Exercise: With the pictures excluded, retype the records that follow exactly.

Data for analysis:
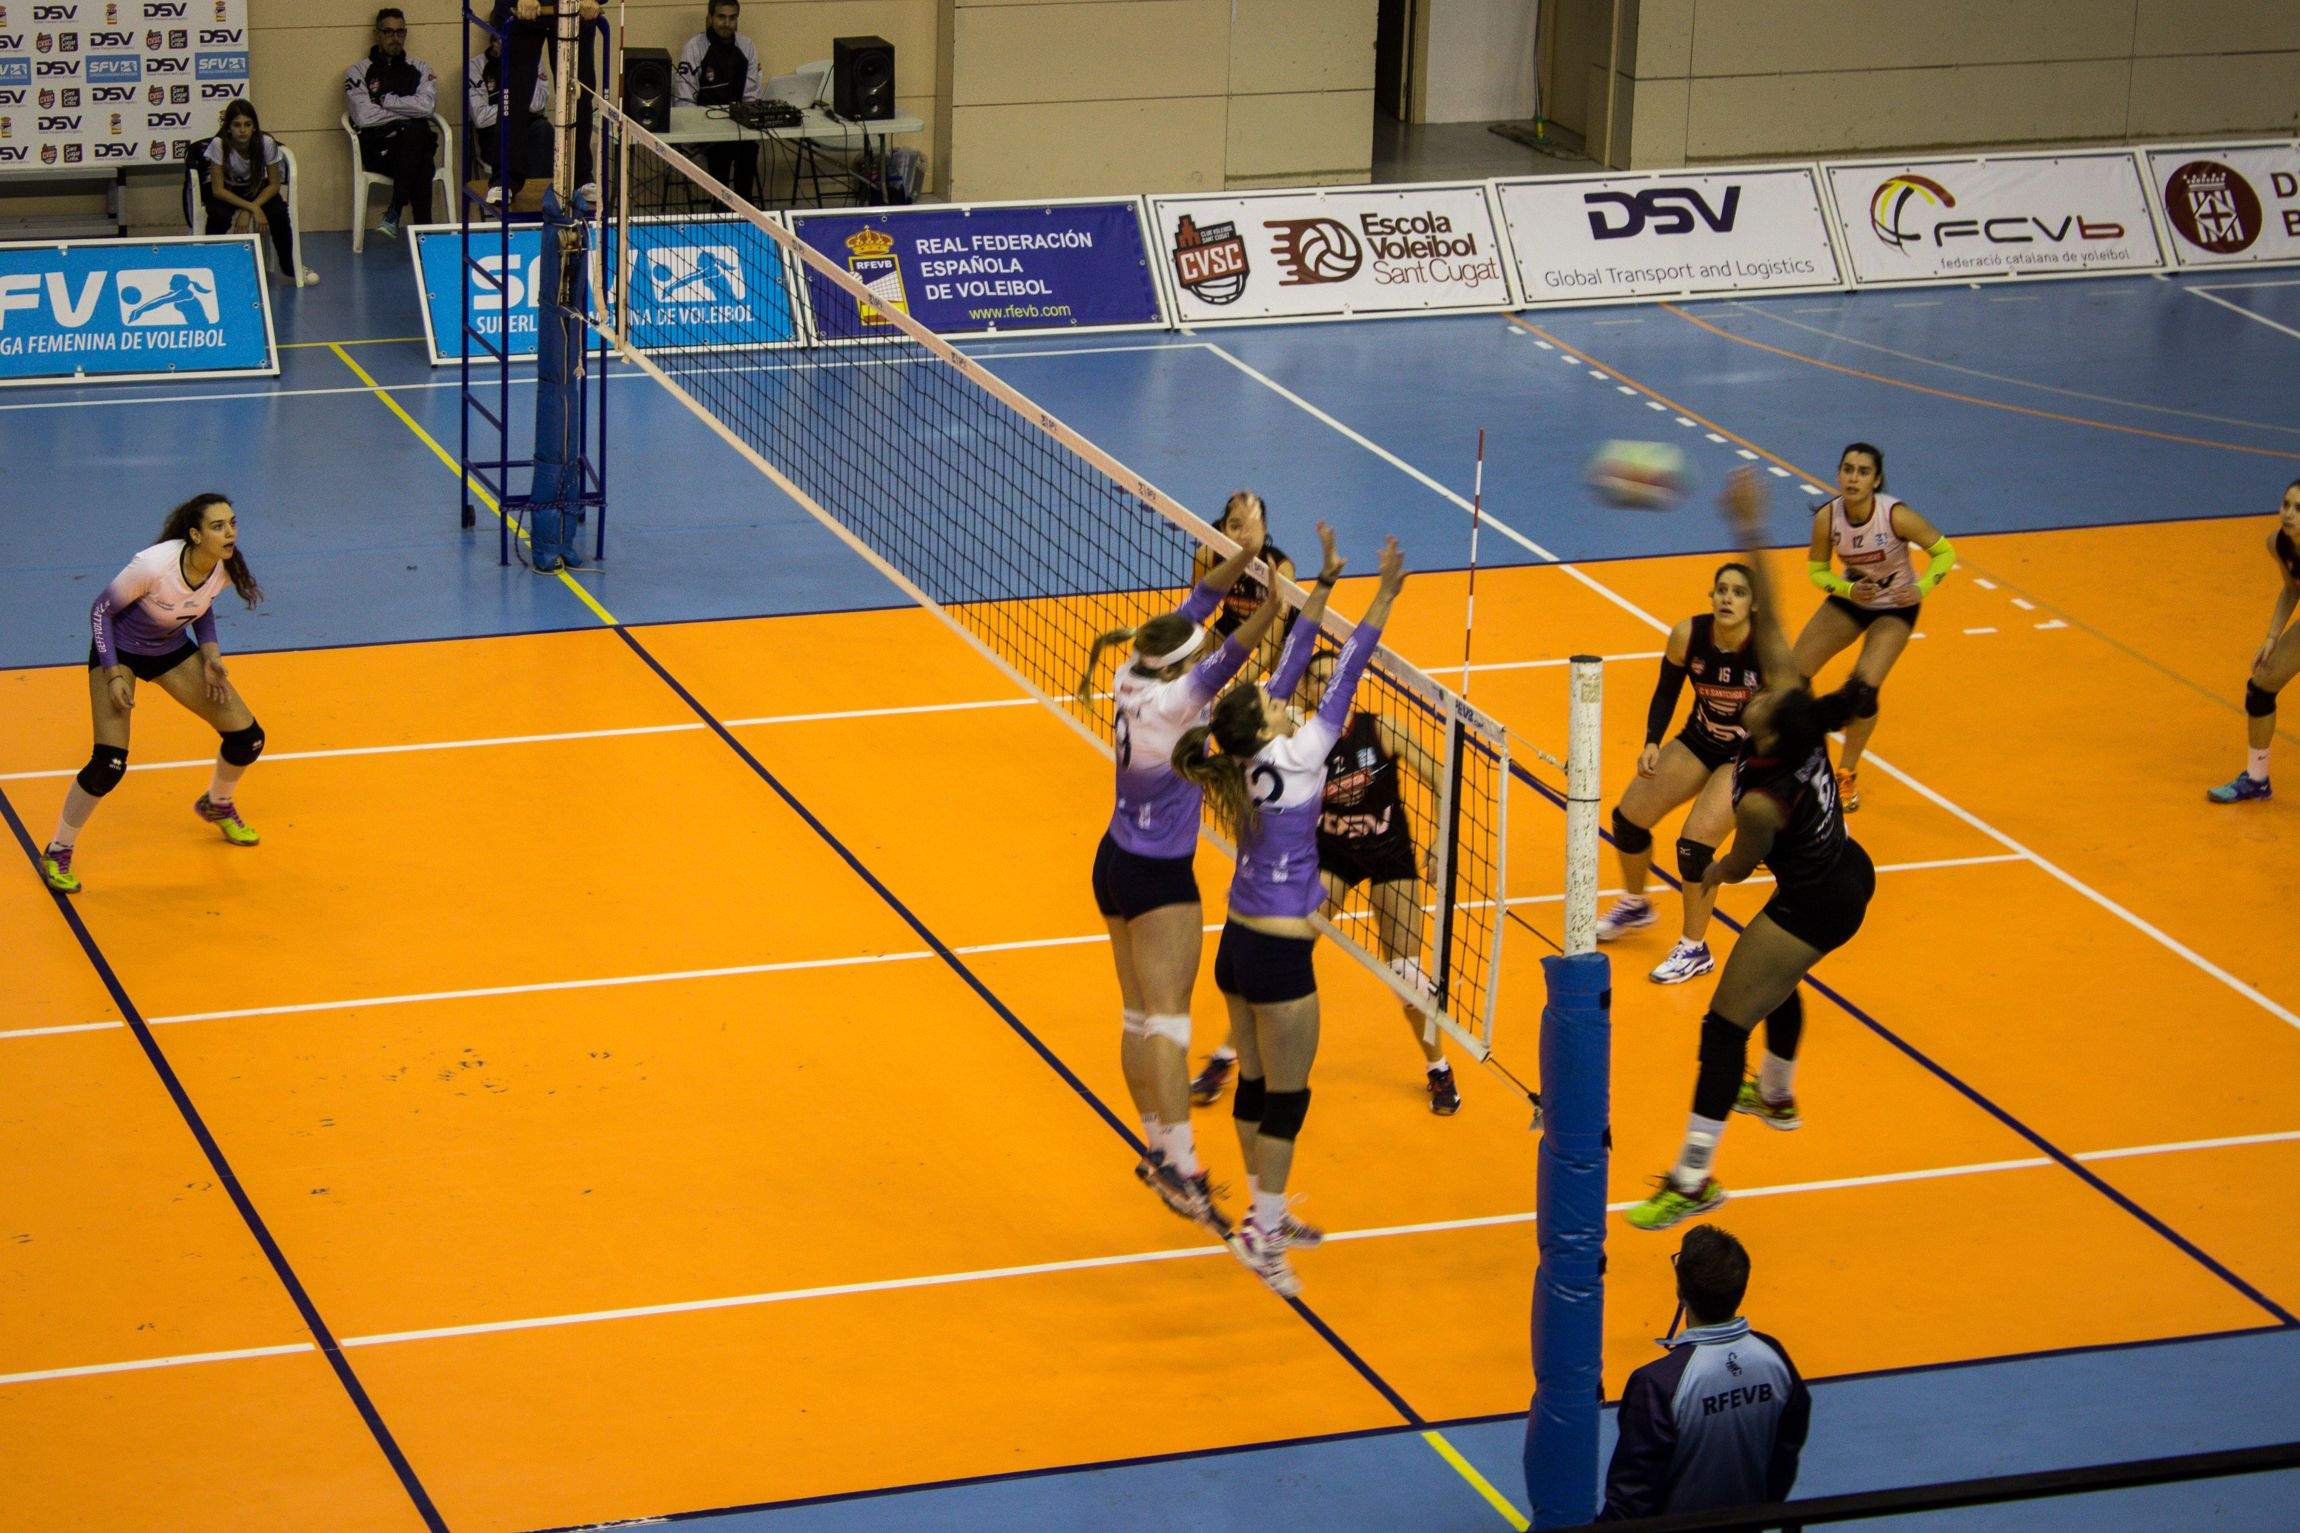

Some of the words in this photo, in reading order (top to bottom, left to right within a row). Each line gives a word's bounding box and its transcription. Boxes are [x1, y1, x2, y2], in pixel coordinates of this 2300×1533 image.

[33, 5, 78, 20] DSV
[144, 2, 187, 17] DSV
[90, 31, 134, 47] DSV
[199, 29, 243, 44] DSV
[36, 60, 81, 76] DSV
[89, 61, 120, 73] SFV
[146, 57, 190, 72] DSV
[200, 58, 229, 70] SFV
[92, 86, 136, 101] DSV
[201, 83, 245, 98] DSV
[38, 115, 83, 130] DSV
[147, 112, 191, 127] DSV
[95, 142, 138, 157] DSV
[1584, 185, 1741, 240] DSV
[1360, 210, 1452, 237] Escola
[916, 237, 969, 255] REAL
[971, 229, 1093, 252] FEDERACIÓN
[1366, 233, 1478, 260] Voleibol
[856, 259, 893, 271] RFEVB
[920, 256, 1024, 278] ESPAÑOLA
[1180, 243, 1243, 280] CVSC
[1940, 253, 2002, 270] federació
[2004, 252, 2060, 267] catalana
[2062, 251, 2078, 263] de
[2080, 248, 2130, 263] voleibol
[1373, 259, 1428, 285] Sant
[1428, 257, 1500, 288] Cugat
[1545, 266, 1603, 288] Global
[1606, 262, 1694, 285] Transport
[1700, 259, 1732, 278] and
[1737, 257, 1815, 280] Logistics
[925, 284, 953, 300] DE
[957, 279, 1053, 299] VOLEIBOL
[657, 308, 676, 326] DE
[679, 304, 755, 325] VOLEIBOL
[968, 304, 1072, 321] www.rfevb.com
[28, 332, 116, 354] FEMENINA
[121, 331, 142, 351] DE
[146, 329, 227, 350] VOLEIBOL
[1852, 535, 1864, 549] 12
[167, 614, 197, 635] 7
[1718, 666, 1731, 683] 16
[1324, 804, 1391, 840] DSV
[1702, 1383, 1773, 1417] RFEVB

Task answer:
Some of the words in this photo, in reading order (top to bottom, left to right within a row). Each line gives a word's bounding box and its transcription. Boxes are [x1, y1, x2, y2], in pixel coordinates of this 2300×1533 image.

[33, 5, 78, 20] DSV
[144, 2, 187, 17] DSV
[90, 31, 134, 47] DSV
[199, 29, 243, 44] DSV
[36, 60, 81, 76] DSV
[89, 61, 120, 73] SFV
[146, 57, 190, 72] DSV
[200, 58, 229, 70] SFV
[92, 86, 136, 101] DSV
[201, 83, 245, 98] DSV
[38, 115, 83, 130] DSV
[147, 112, 191, 127] DSV
[95, 142, 138, 157] DSV
[1584, 185, 1741, 240] DSV
[1360, 210, 1452, 237] Escola
[916, 237, 969, 255] REAL
[971, 229, 1093, 252] FEDERACIÓN
[1366, 233, 1478, 260] Voleibol
[856, 259, 893, 271] RFEVB
[920, 256, 1024, 278] ESPAÑOLA
[1180, 243, 1243, 280] CVSC
[1940, 253, 2002, 270] federació
[2004, 252, 2060, 267] catalana
[2062, 251, 2078, 263] de
[2080, 248, 2130, 263] voleibol
[1373, 259, 1428, 285] Sant
[1428, 257, 1500, 288] Cugat
[1545, 266, 1603, 288] Global
[1606, 262, 1694, 285] Transport
[1700, 259, 1732, 278] and
[1737, 257, 1815, 280] Logistics
[925, 284, 953, 300] DE
[957, 279, 1053, 299] VOLEIBOL
[657, 308, 676, 326] DE
[679, 304, 755, 325] VOLEIBOL
[968, 304, 1072, 321] www.rfevb.com
[28, 332, 116, 354] FEMENINA
[121, 331, 142, 351] DE
[146, 329, 227, 350] VOLEIBOL
[1852, 535, 1864, 549] 12
[167, 614, 197, 635] 7
[1718, 666, 1731, 683] 16
[1324, 804, 1391, 840] DSV
[1702, 1383, 1773, 1417] RFEVB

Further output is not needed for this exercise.